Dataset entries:
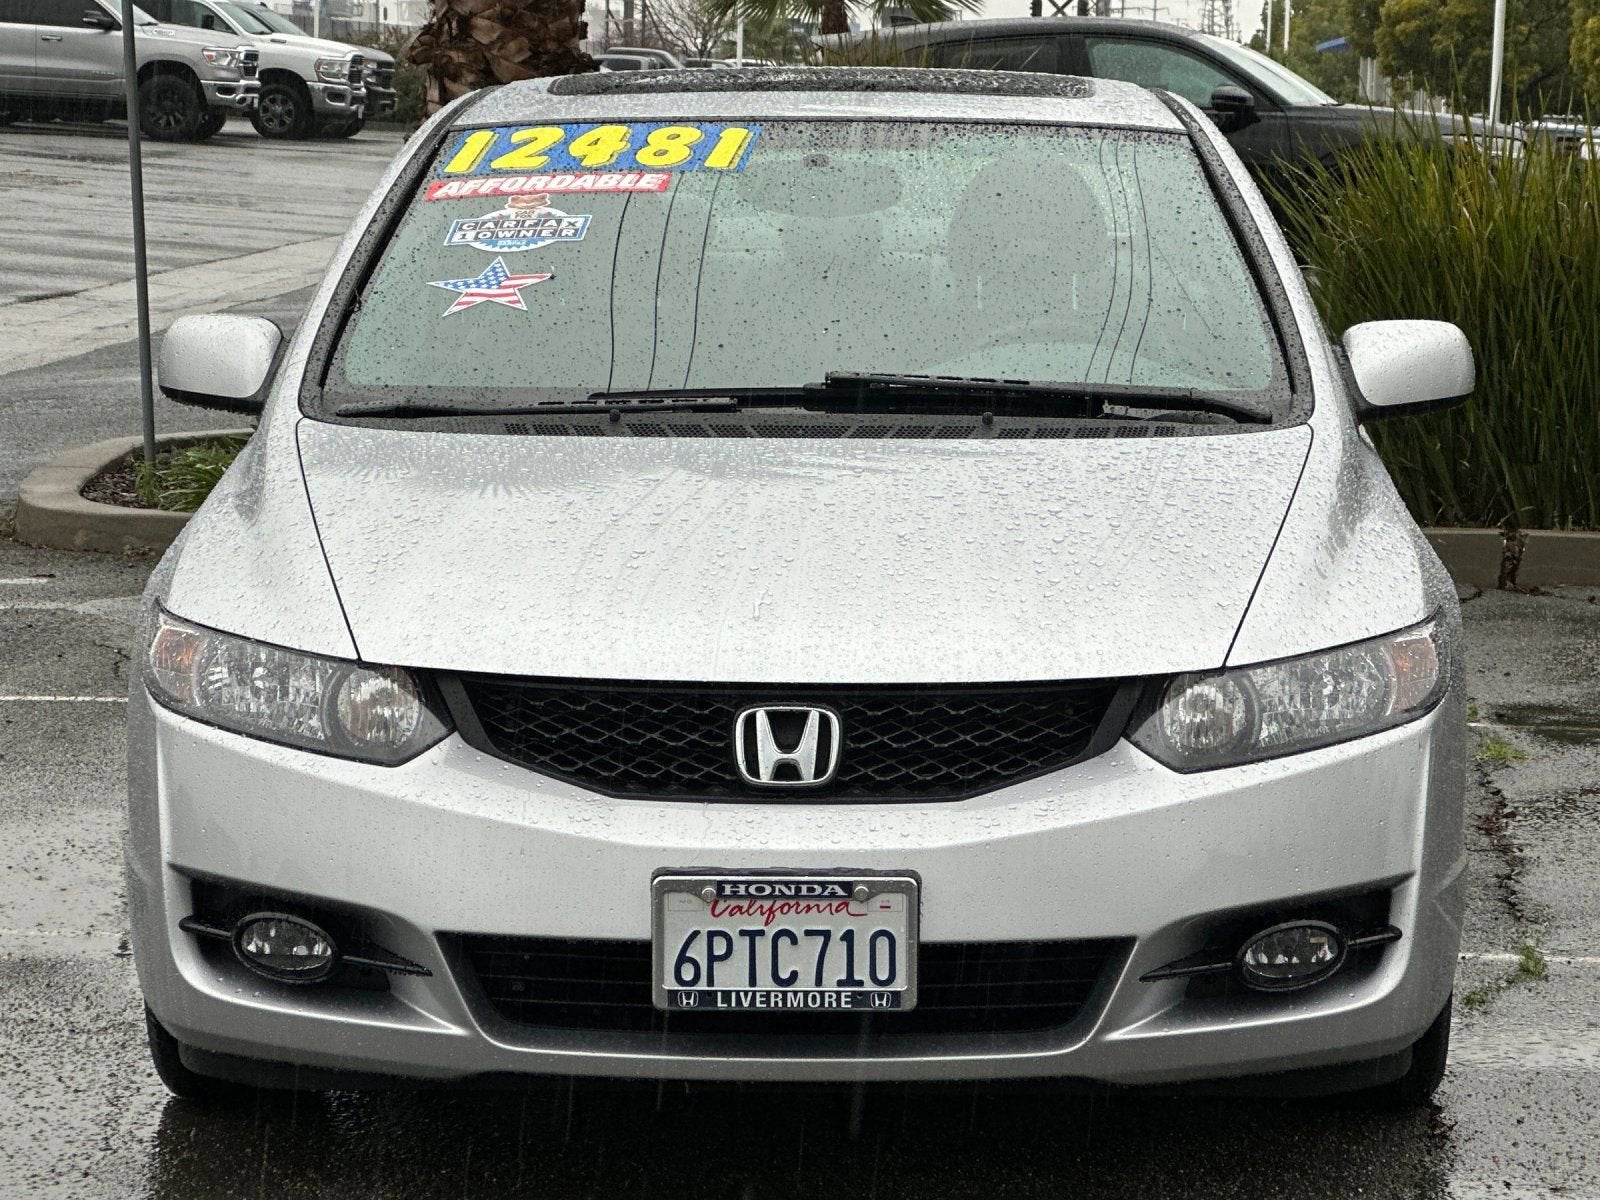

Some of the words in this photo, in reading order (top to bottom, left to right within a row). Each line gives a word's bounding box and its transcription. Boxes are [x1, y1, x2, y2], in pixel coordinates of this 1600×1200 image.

[443, 124, 753, 174] 12481
[432, 172, 665, 198] AFFORDABLE
[458, 231, 469, 240] 1
[476, 227, 576, 239] OWNER
[460, 217, 580, 231] CARFAX
[721, 883, 849, 897] HONDA
[709, 898, 868, 927] California
[673, 928, 898, 988] 6PTC710
[716, 991, 853, 1009] LIVERMORE
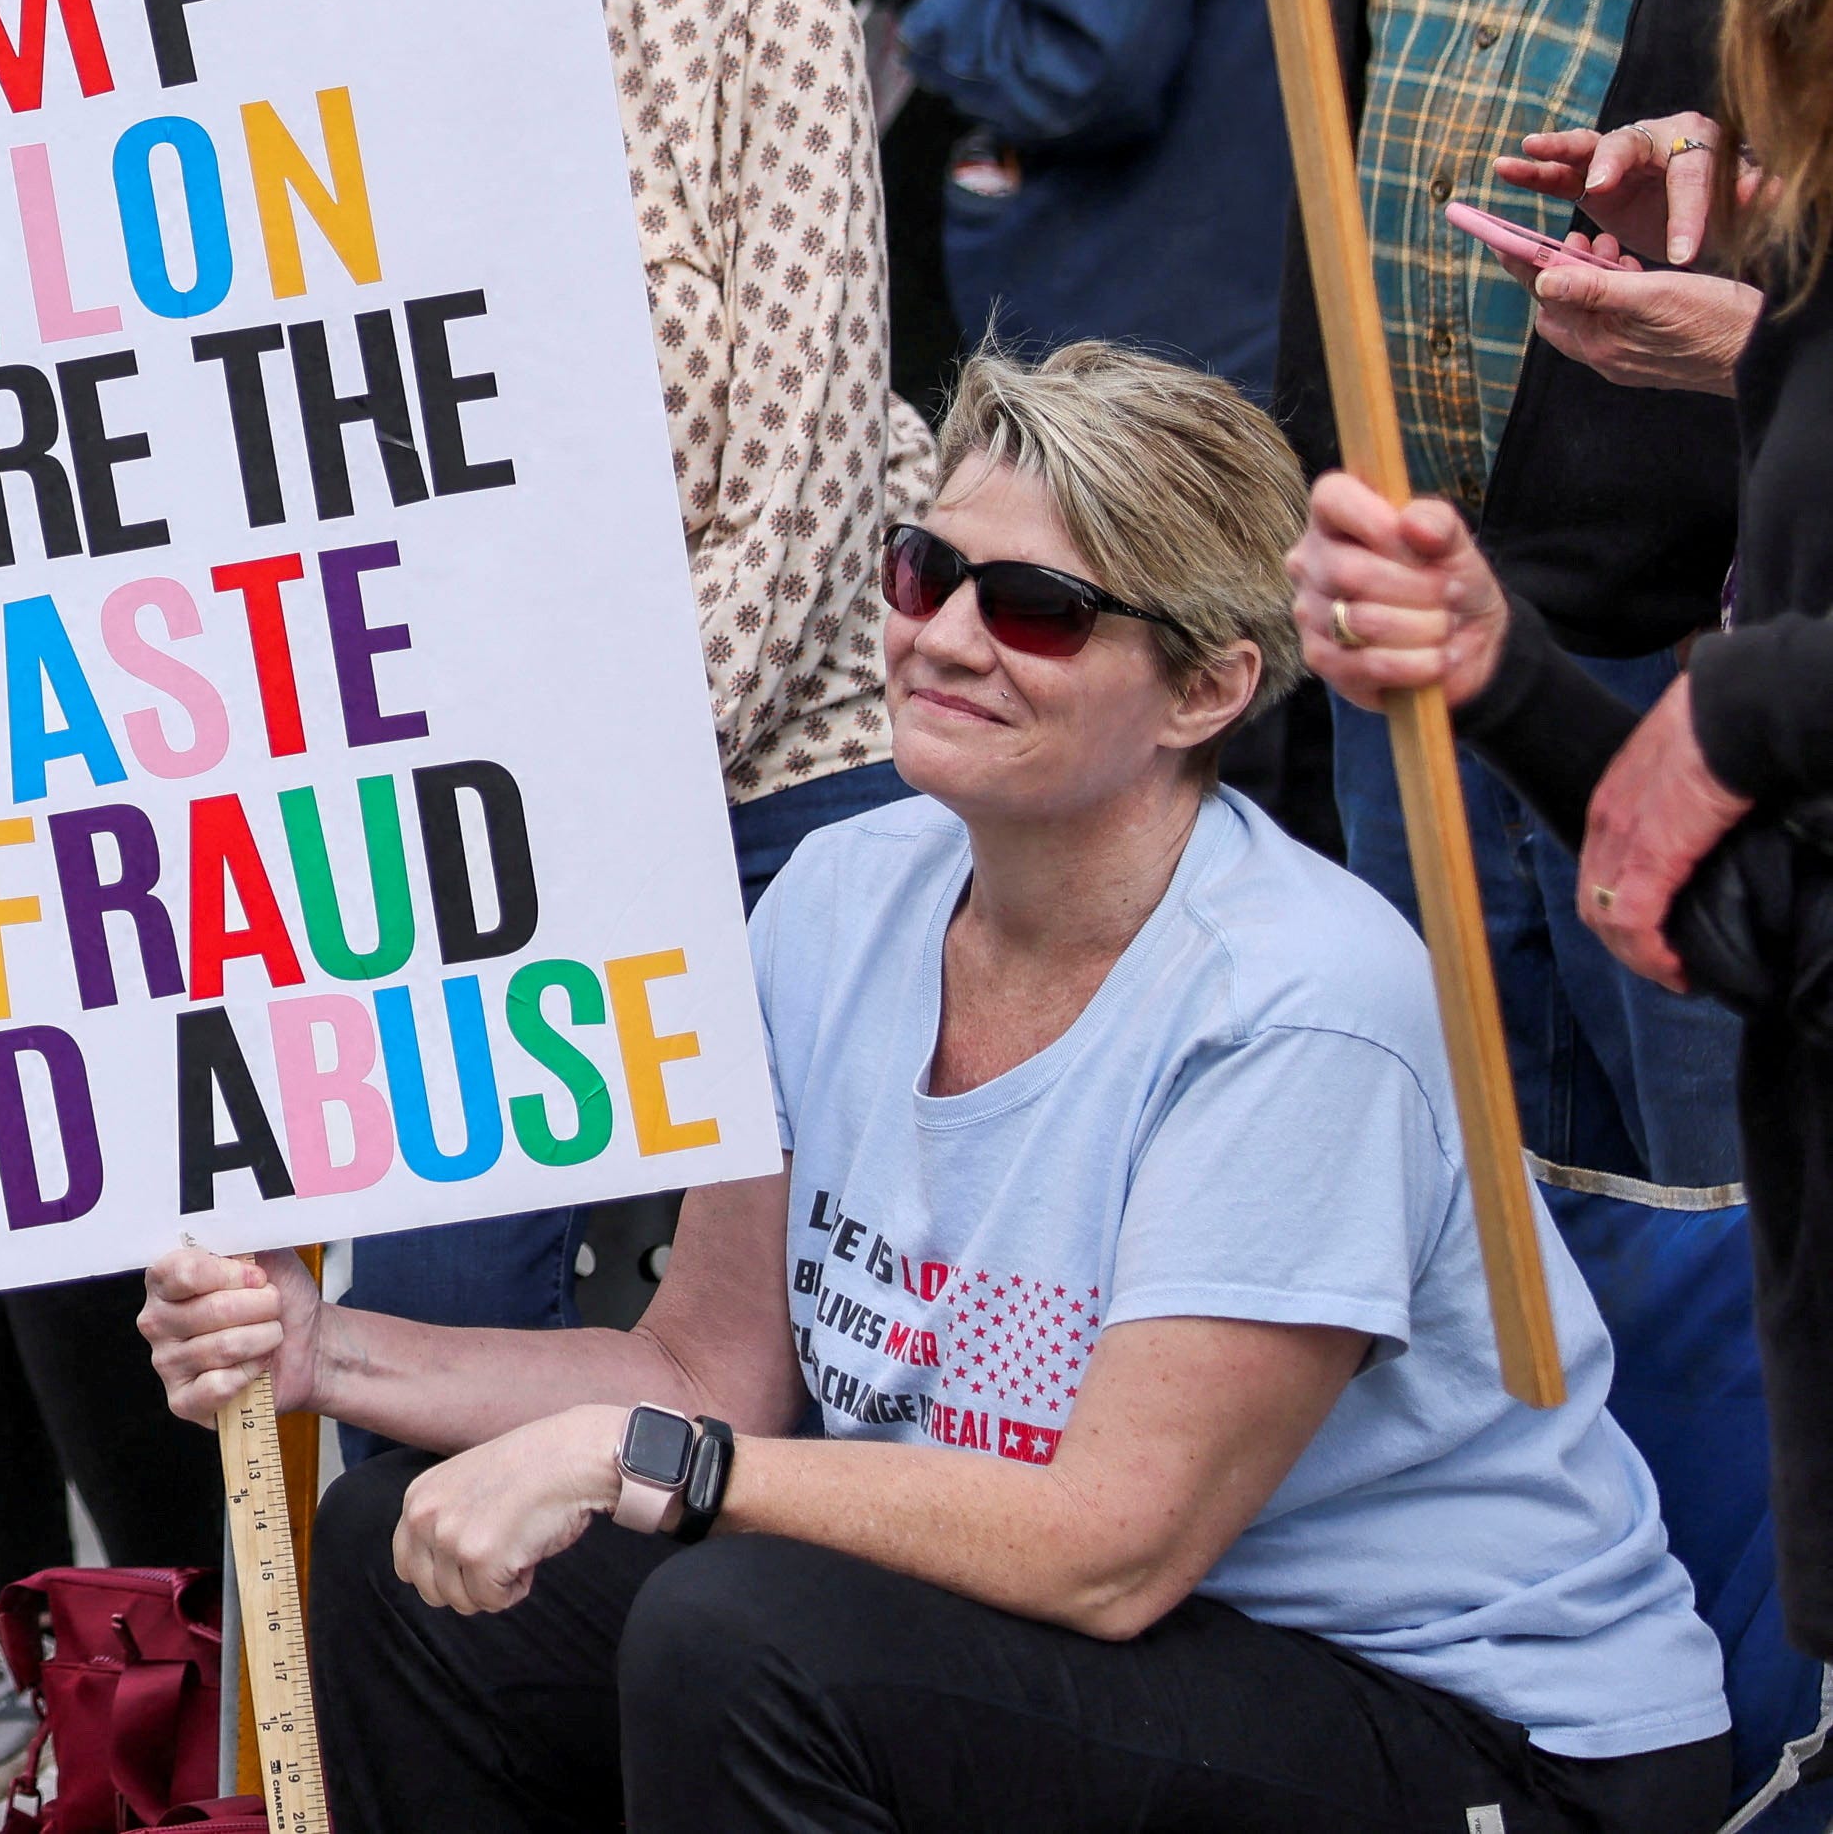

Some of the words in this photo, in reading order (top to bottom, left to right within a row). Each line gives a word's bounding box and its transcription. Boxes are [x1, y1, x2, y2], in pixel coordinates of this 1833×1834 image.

[191, 288, 516, 528] THE
[179, 947, 720, 1216] ABUSE
[864, 1233, 893, 1285] IS
[815, 1284, 887, 1350] LIVES
[240, 1408, 255, 1430] 12
[930, 1401, 991, 1451] REAL
[247, 1458, 261, 1480] 13
[253, 1509, 268, 1531] 14
[260, 1559, 274, 1581] 15
[266, 1610, 281, 1631] 16
[273, 1661, 287, 1681] 17
[279, 1711, 294, 1733] 18
[286, 1761, 301, 1783] 19
[273, 1779, 286, 1830] CHARLES
[293, 1811, 307, 1834] 20
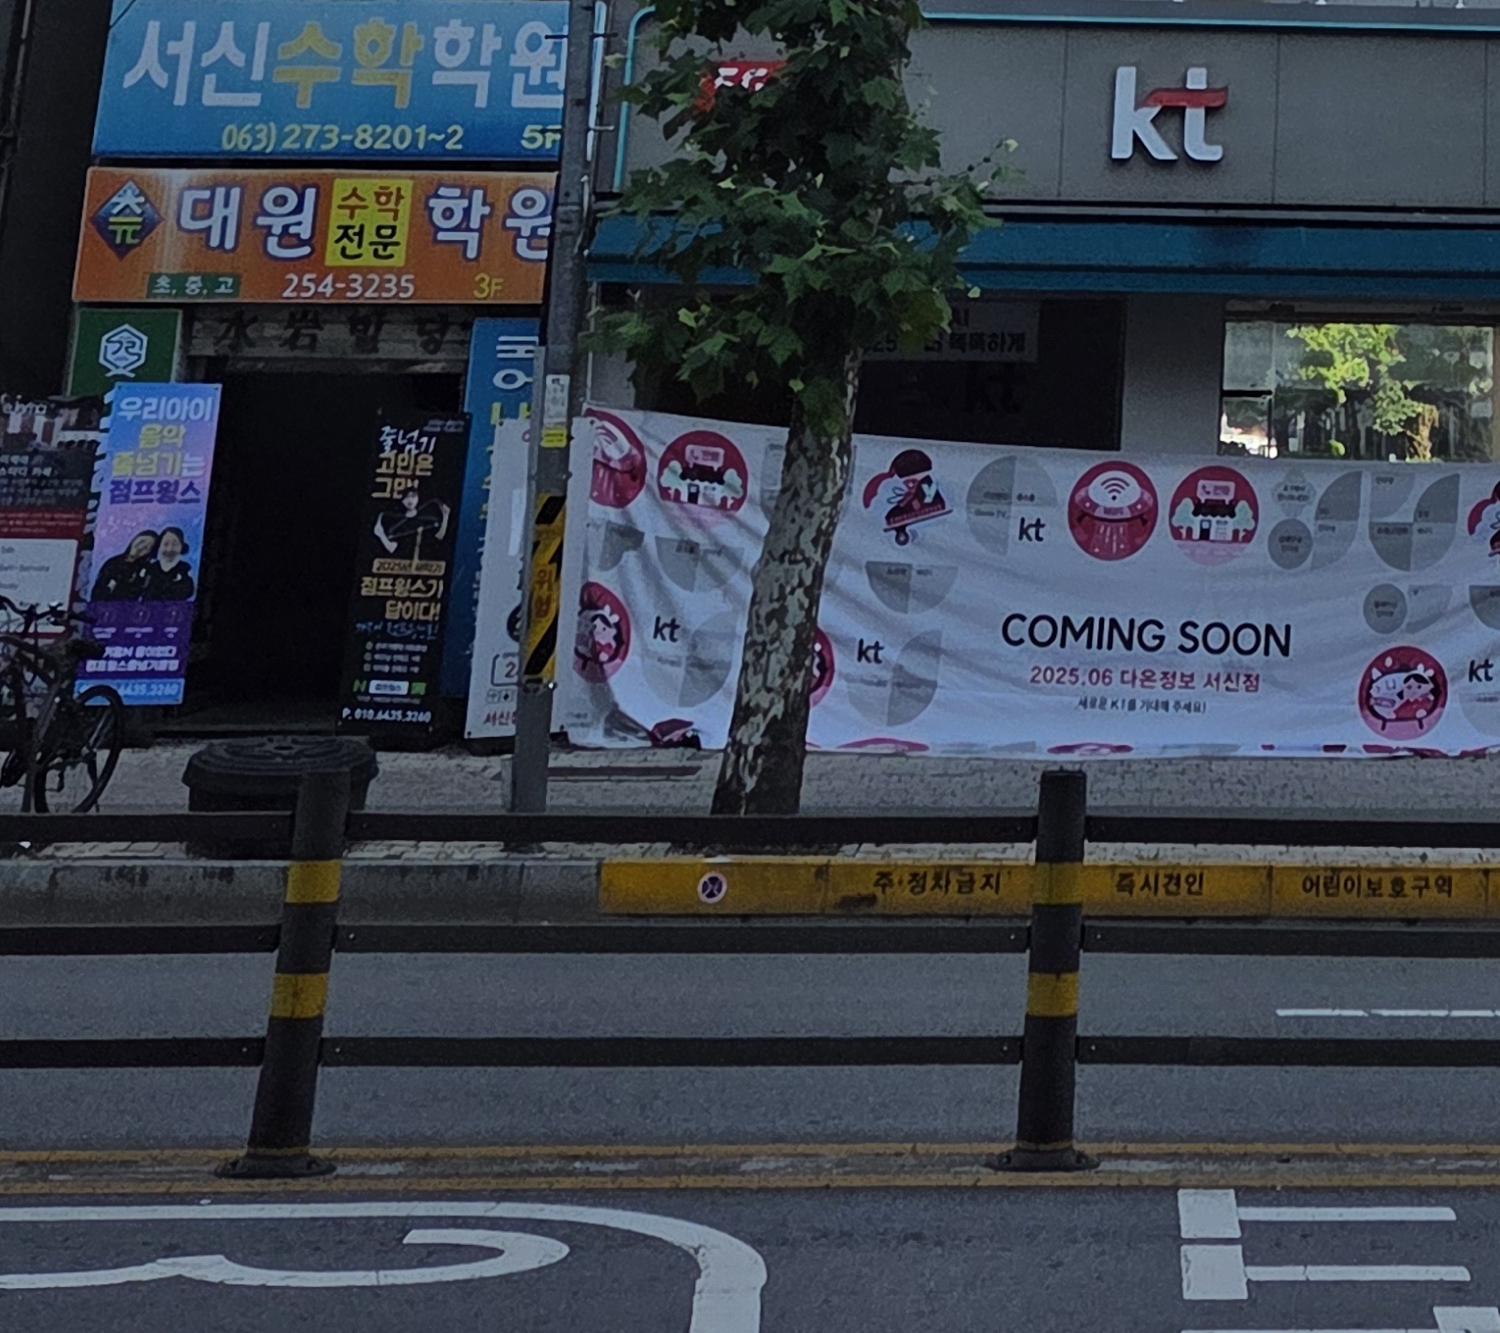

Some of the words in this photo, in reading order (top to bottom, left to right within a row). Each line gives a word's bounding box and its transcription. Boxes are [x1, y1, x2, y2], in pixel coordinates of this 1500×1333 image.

[123, 17, 568, 109] 서신수학학원
[1111, 64, 1229, 162] kt
[336, 186, 405, 216] 수학
[179, 184, 318, 259] 대원
[427, 186, 553, 262] 학원
[333, 224, 401, 261] 전문
[281, 273, 416, 299] 254-3235
[472, 274, 504, 299] 3F
[117, 395, 213, 421] 우리아이
[138, 423, 187, 448] 음악
[111, 450, 207, 478] 줄넘기는
[375, 452, 435, 477] 고민은
[108, 479, 201, 505] 점프윙스
[1018, 516, 1046, 544] kt
[651, 616, 681, 644] kt
[1001, 613, 1165, 653] COMING
[1177, 620, 1293, 658] SOON
[856, 638, 884, 666] kt
[1030, 665, 1113, 688] 2025.06
[1120, 667, 1197, 690] 다온정보
[1203, 671, 1261, 694] 서신점
[1468, 657, 1495, 683] kt
[1301, 874, 1454, 900] 어린이보호구역
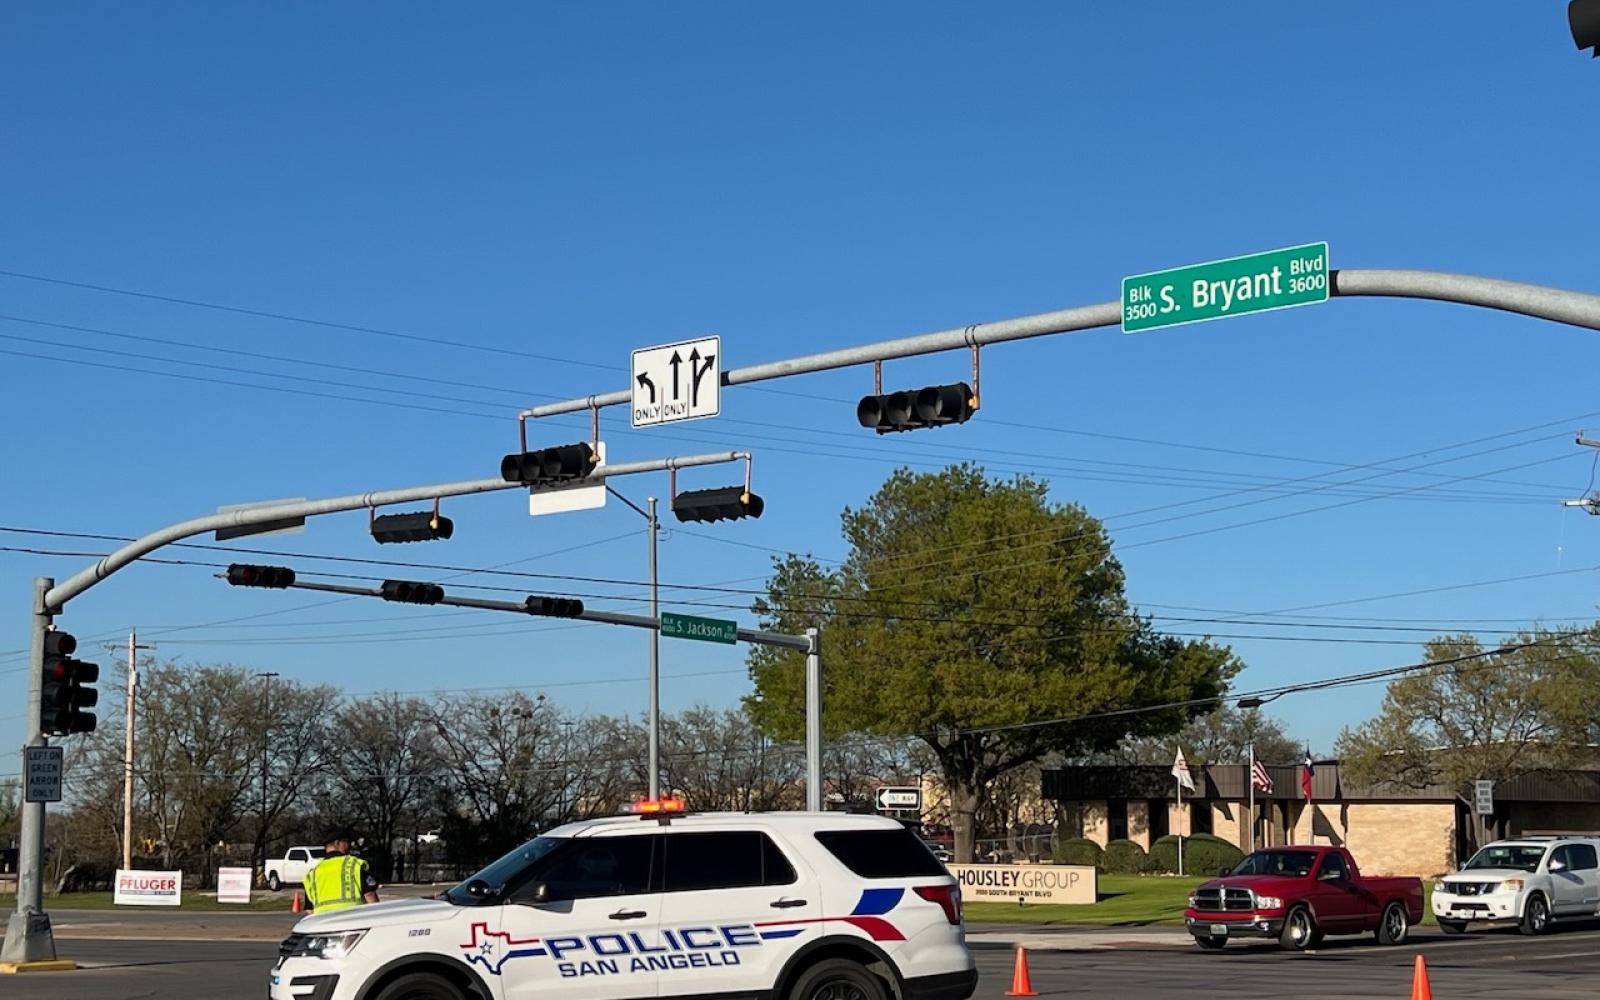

## TASK TO CARRY OUT
Without including the pictures, reproduce all entries exactly.

## ANSWER BOX
Some of the words in this photo, in reading order (top to bottom, left to right within a row). Each line gives a word's bounding box and its transcription. Boxes are [x1, y1, x2, y2], in pixel coordinates of this 1600×1200 image.

[443, 124, 753, 174] 12481
[432, 172, 665, 198] AFFORDABLE
[458, 231, 469, 240] 1
[476, 227, 576, 239] OWNER
[460, 217, 580, 231] CARFAX
[721, 883, 849, 897] HONDA
[709, 898, 868, 927] California
[673, 928, 898, 988] 6PTC710
[716, 991, 853, 1009] LIVERMORE

Some of the words in this photo, in reading order (top to bottom, left to right within a row). Each line gives a word's bounding box and its transcription. Boxes are [x1, y1, x2, y2], in pixel coordinates of this 1833×1834 image.

[191, 288, 516, 528] THE
[179, 947, 720, 1216] ABUSE
[864, 1233, 893, 1285] IS
[815, 1284, 887, 1350] LIVES
[240, 1408, 255, 1430] 12
[930, 1401, 991, 1451] REAL
[247, 1458, 261, 1480] 13
[253, 1509, 268, 1531] 14
[260, 1559, 274, 1581] 15
[266, 1610, 281, 1631] 16
[273, 1661, 287, 1681] 17
[279, 1711, 294, 1733] 18
[286, 1761, 301, 1783] 19
[273, 1779, 286, 1830] CHARLES
[293, 1811, 307, 1834] 20

Some of the words in this photo, in reading order (top to bottom, left to right within a row). Each line gives a word's bounding box and its transcription. Boxes are [x1, y1, x2, y2], in pixel coordinates of this 1500×1333 image.

[123, 17, 568, 109] 서신수학학원
[1111, 64, 1229, 162] kt
[336, 186, 405, 216] 수학
[179, 184, 318, 259] 대원
[427, 186, 553, 262] 학원
[333, 224, 401, 261] 전문
[281, 273, 416, 299] 254-3235
[472, 274, 504, 299] 3F
[117, 395, 213, 421] 우리아이
[138, 423, 187, 448] 음악
[111, 450, 207, 478] 줄넘기는
[375, 452, 435, 477] 고민은
[108, 479, 201, 505] 점프윙스
[1018, 516, 1046, 544] kt
[651, 616, 681, 644] kt
[1001, 613, 1165, 653] COMING
[1177, 620, 1293, 658] SOON
[856, 638, 884, 666] kt
[1030, 665, 1113, 688] 2025.06
[1120, 667, 1197, 690] 다온정보
[1203, 671, 1261, 694] 서신점
[1468, 657, 1495, 683] kt
[1301, 874, 1454, 900] 어린이보호구역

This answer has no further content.